Senza contare i costi “fiscali” e burocratici: in Italia costituire una startup costa dai 1.000 ai 3.000 euro contro i 50 e in 24 ore in Inghilterra. “Nel 90% dei casi, le start up partono con un capitale inferiore ai 10mila euro: se già all’atto di costituzione ne bruci 3000, il gioco vale? Anche la procedura on line ha costi alti: basti pensare alla tassa di registro di 200 euro, che sei costretto a pagare nuovamente in caso anche solo un errore materiale nello statuto”, dice l’avvocato.

Per Toffoletto l’attuazione della direttiva europea 1151 sarebbe l’occasione per “allineare il Paese allo standard internazionale e superarlo. È necessario sviluppare una nuova procedura che impari dagli errori commessi in passato e che garantisca un processo di costituzione veloce, snello e con gli stessi standard di controllo offerti dai notai oggi. La procedura dovrà essere unica per tutto il territorio nazionale con un unico punto di contatto, senza ingolfare gli enti locali e le singole Camere di commercio con procedure complesse e difficili da attuare”.

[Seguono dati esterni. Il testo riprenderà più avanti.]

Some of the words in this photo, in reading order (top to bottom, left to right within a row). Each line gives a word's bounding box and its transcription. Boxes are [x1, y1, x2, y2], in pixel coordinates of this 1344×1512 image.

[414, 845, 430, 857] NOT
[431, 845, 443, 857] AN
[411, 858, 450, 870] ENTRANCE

Ma ora, a metterci lo zampino è stato il Parlamento, che “obbligherà a costituire le società su una piattaforma con un notaio in videoconferenza, eliminando qualsiasi risparmio e qualsiasi tassa di costituzione“, dice il legale. Si tratta insomma di una doppia sfida e gli eserciti contrapposti stanno già studiando tattica e strategia. Un fatto è certo: se il Recovery Fund indica nella digitalizzazione uno dei fattori strategici di rilancio del Paese, cambiare tutto per non cambiare niente è il rischio da sventare.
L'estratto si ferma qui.